Banned Words and Phrases for 2017


January is the publication month for annual lists of banned words and phrases. As with last year, I collected ones that were annoying me throughout 2016. If my 2017 list is like my previous compilations, several of my choices will appear on other popular round ups. Also predictable: most of my entries were inspired by the 2016 Presidential election. Since they’re election-driven, we’ll need to keep the ban in effect through at least 2018. I can’t bear to think farther into the future than that.

Let’s start with a phrase that’s not political, since there are plenty of those further down. I am so over hearing “I mean,” especially on television. “I mean” seems to have replaced the simpler “so” as the filler noise in an interview. Filler words are even more annoying than filler sounds like “er” and “um.” Fie on them all.

So much verbiage assaulted us during the election that I can’t remember what prompted me to include ‘Siren Call’ on this year’s list. Back in February, 2016, RealClearPolitics.com ran the headline: “Millennials Heed the Siren Call of Socialism.” It was referring to Bernie Sanders’ candidacy. But it might also have been a polite way to say that Donald Trump’s rhetoric was a dog whistle to White Supremacists. Whatever my motivation, ‘siren call’ is out, but you can keep ‘dog whistle’. For now.

Staying on Trump (do we have a choice?), say goodbye to ‘Pivot’. Our President-elect changed his positions so frequently and so quickly that he should have been put in a tutu and mounted on a music box. He defended this by saying, “It’s not change; it’s negotiation.” Fine. You can keep ‘change’ and ‘negotiation.’ But any reporter who talks about someone’s pivot will land on my growing list of no-longer-news-sources. Not even for ideas for my blog posts.

As a logical extension: Say so long to ‘By the Way,’ especially when it’s used as a pivot (appearing in its swan song here) in answering a question from the press. The Donald was a master at using that phrase to redirect attention away from the question at hand and to meander down some totally unrelated path.

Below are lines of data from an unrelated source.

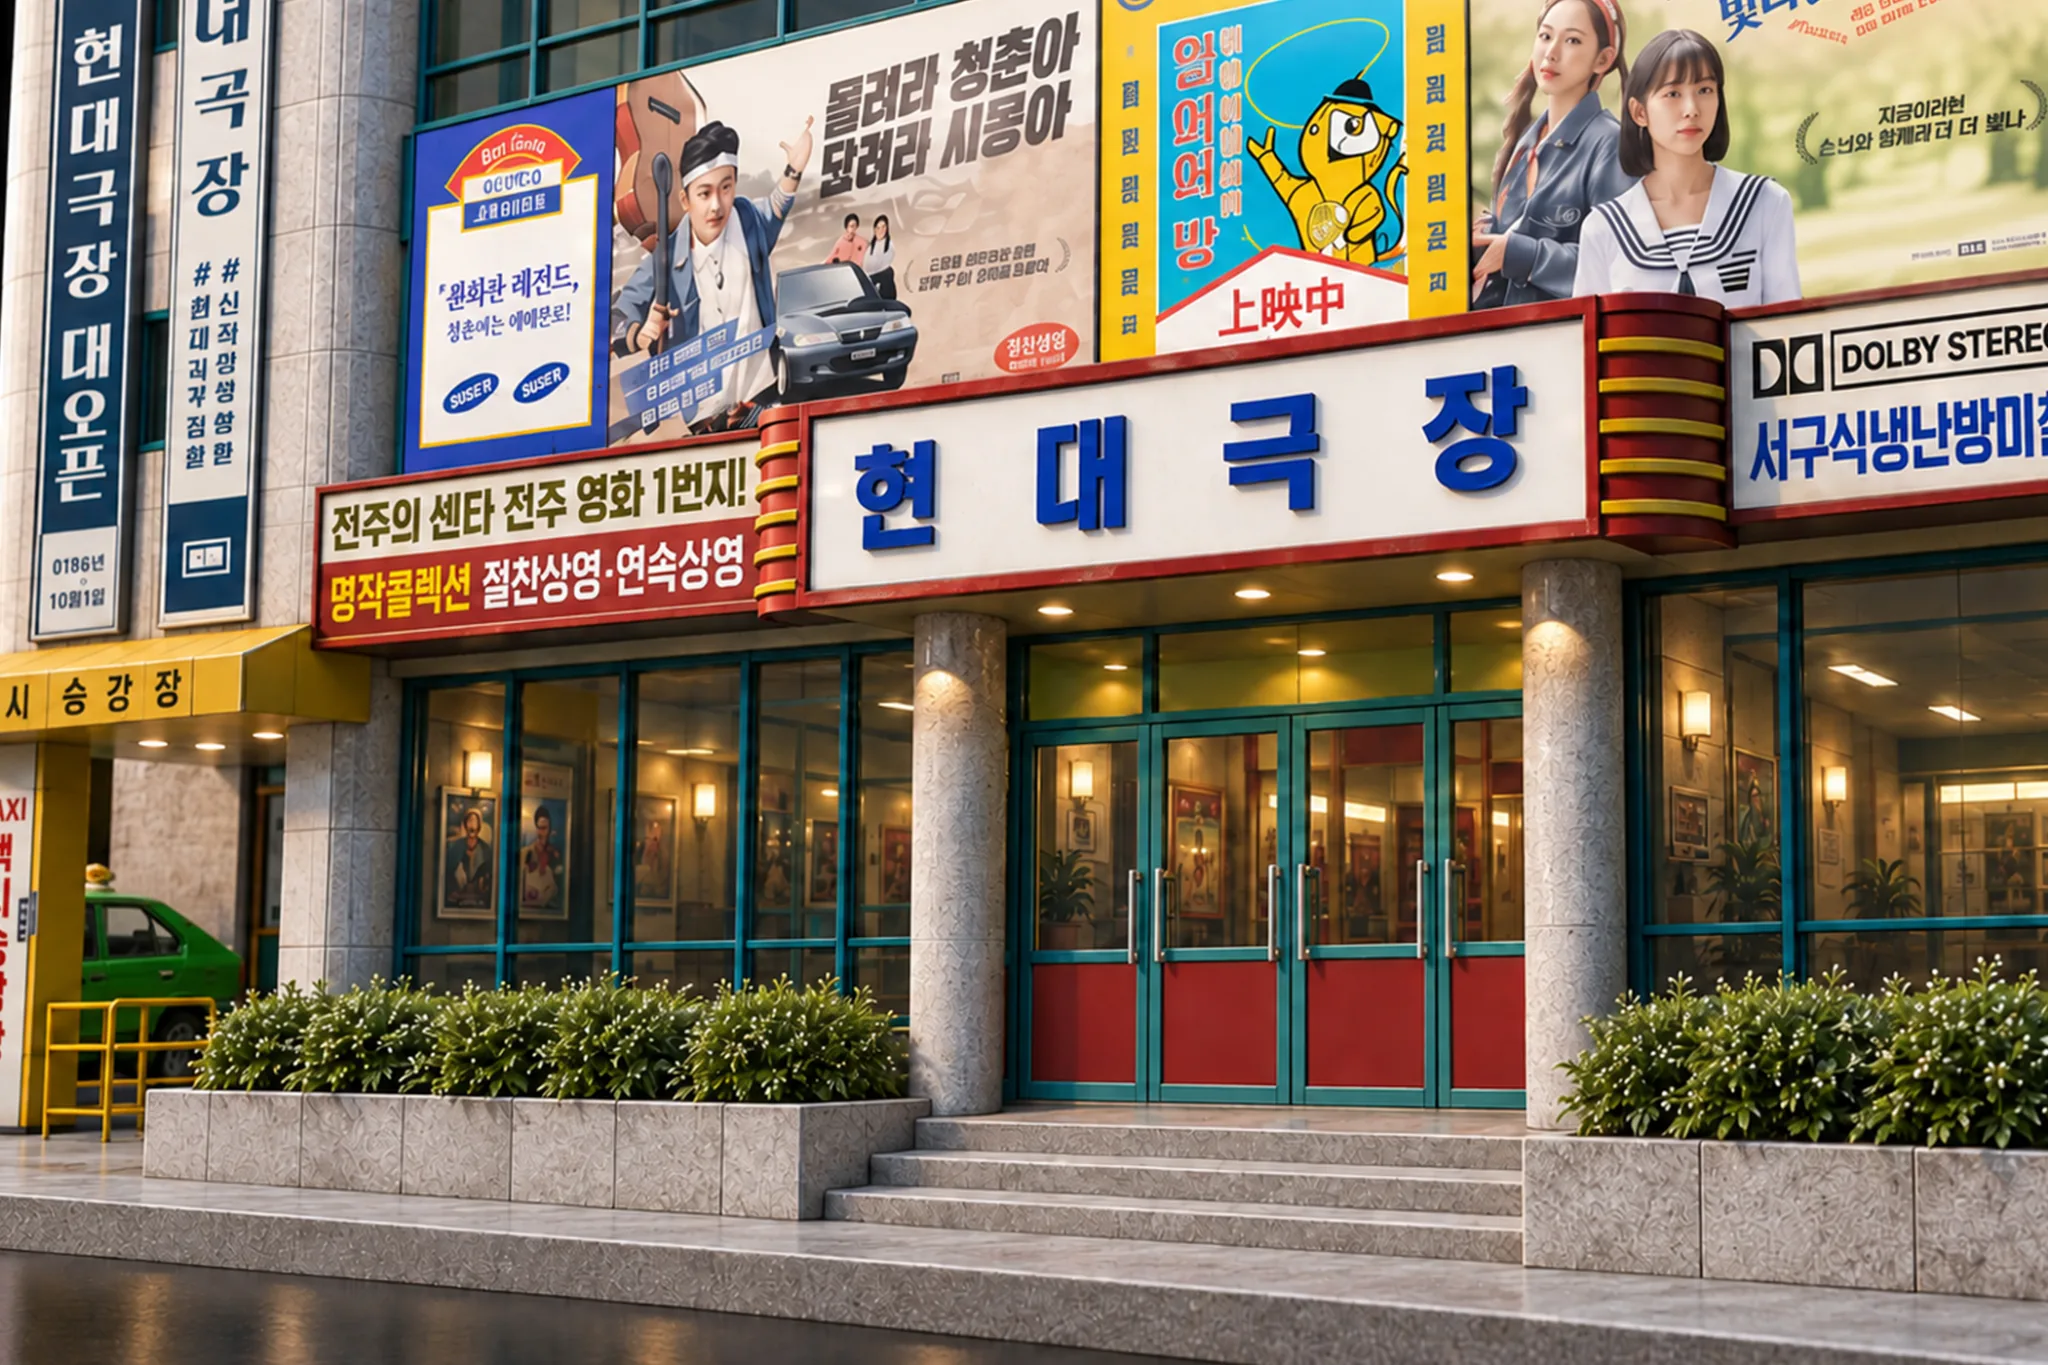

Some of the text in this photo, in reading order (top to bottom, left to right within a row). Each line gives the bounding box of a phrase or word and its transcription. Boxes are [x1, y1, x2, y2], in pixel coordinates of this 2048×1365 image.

[949, 10, 1081, 103] 청춘아
[63, 23, 123, 299] 현대극장
[1218, 276, 1345, 337] 上映中
[1841, 322, 2048, 374] DOLBY STERE
[449, 367, 562, 410] SUSER SUSER
[854, 364, 1529, 551] 현대극장
[331, 456, 748, 551] 전주의 센타 전주 영화 1번지!
[330, 562, 471, 623] 명작콜렉션

We shall keep the extremely useful non sequitur, by the way.

Another Trump favorite that often accompanied ‘by the way’ in a pronouncement was ‘Believe Me.’ Not unlike the expression: “With all due respect…” (when you know no respect will be shown), “believe me” is a red flag that we probably shouldn’t believe him. So, I’m banning it, but don’t be foolish enough to believe me if I say Mr. T will abide by this.

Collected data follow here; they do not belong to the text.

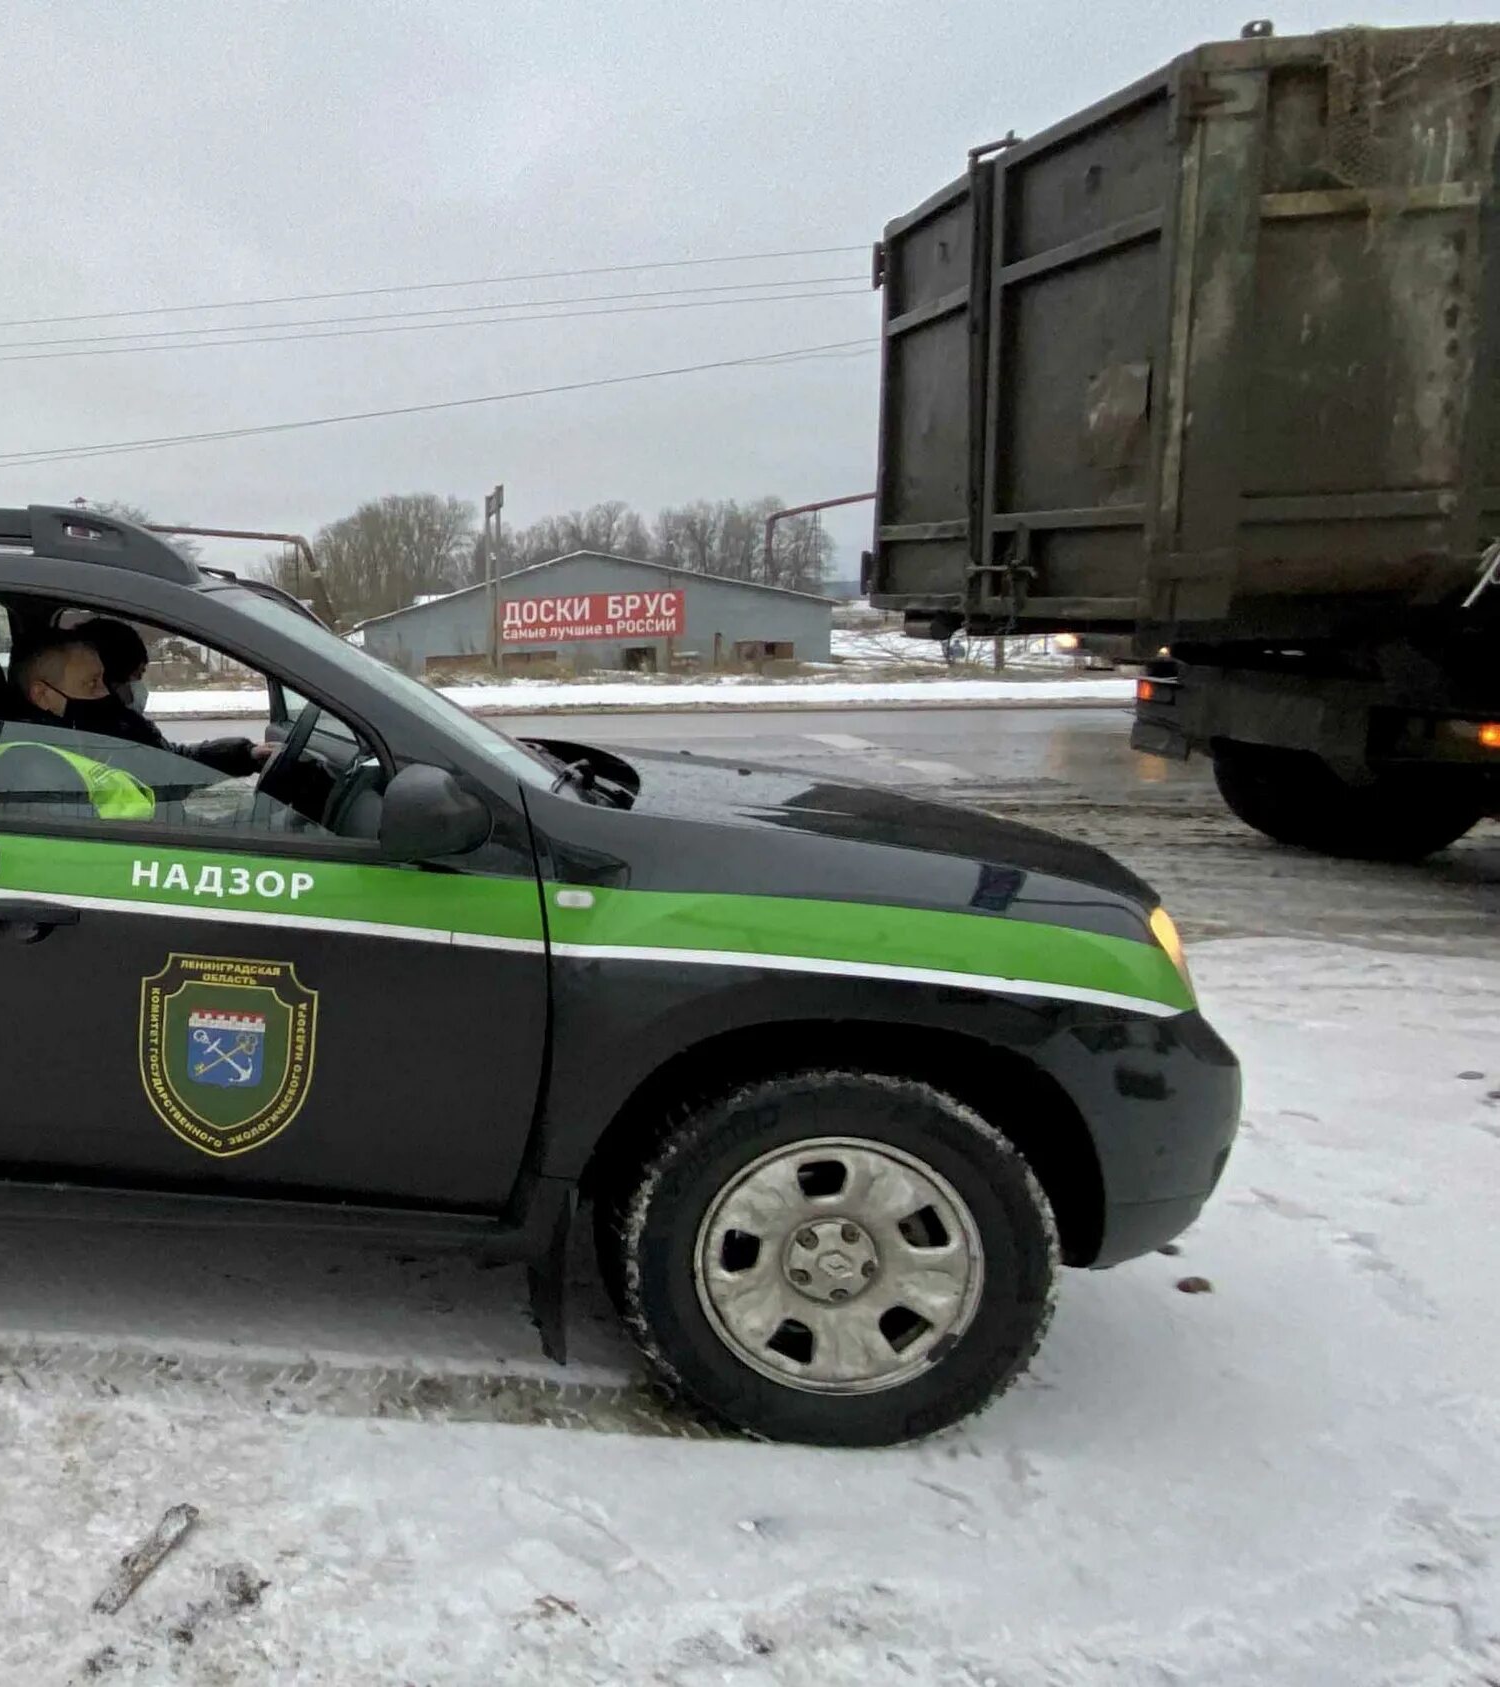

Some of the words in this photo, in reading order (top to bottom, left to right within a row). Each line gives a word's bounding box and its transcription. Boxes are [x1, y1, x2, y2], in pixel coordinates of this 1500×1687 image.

[503, 597, 590, 628] ДОСКИ
[607, 593, 676, 619] БРУС
[503, 627, 546, 640] самые
[550, 624, 602, 640] лучшие
[605, 624, 614, 635] в
[616, 617, 676, 634] РОССИИ
[131, 860, 315, 900] НАДЗОР
[180, 960, 281, 976] ЛЕНИНГРАДСКАЯ
[202, 973, 257, 985] ОБЛАСТЬ
[149, 987, 161, 1044] КОМИТЕТ
[295, 1002, 308, 1061] НАДЗОРА
[149, 1047, 223, 1148] ГОСУДАРСТВЕННОГО
[228, 1064, 303, 1144] ЭКОЛОГИЧЕСКОГО

This next phrase is one that actually might get sucked into a dark hole now that I’ve banned it. I don’t think the President-elect will have much need for ‘People Are Saying’ once he’s inaugurated. He’ll be too focused on what he’s saying. So I’m banning his previous go-to expression in favor of a new one: ‘You don’t say?’

Here is yet another banned word provided thanks to Trump: ‘Rigged.’ Now that he’s won the election, he really has no further use for this. Unless it’s put in the negative, as in “The 2016 Presidential election definitely was not rigged by Putin.” Either way, it makes the hair stand up on my nape, so it’s de rigueur to avoid it.

Next is a phrase that more than one Republican tossed about during the primary like a live hand grenade: ‘Carpet Bomb.’ We can thank Ted Cruz for motivating me to ban it this year. It’s not that ‘carpet bomb’ is a bad phrase per se. It’s just that it was woefully misused. Kind of like ‘per se’

Similarly, commentators on both sides of the political divide droned on about the ‘Ground Game,’ which was also proven to be misunderstood. Ground games that were assumed to be solid turned out not to be based on terra firma. And the one that seemed murkiest yielded concrete results. We’ve sent the pundits back to the drawing board on this. They’re sequestered with the pollsters until midterm elections.

My final entry is a trio of ‘-ibles’ and ‘-ables’. As in ‘Horrible’, ‘Terrible’ (and in a nod to equal censure) ‘Deplorable’. They were all overexposed during the campaign, so they no longer carry any weight. It’s lamentable, but at least I’m keeping ‘basket’ so I have something to hide my creative light under.

One word that is conspicuously missing from this list is ‘bigly.’ The fact that Trump is trying to convince everyone that he was really saying ‘big league’ is so preposterous (and entertaining) that I couldn’t bring myself to ban either biggie. I suppose we could at least give him a hand for trying. A bigly hand…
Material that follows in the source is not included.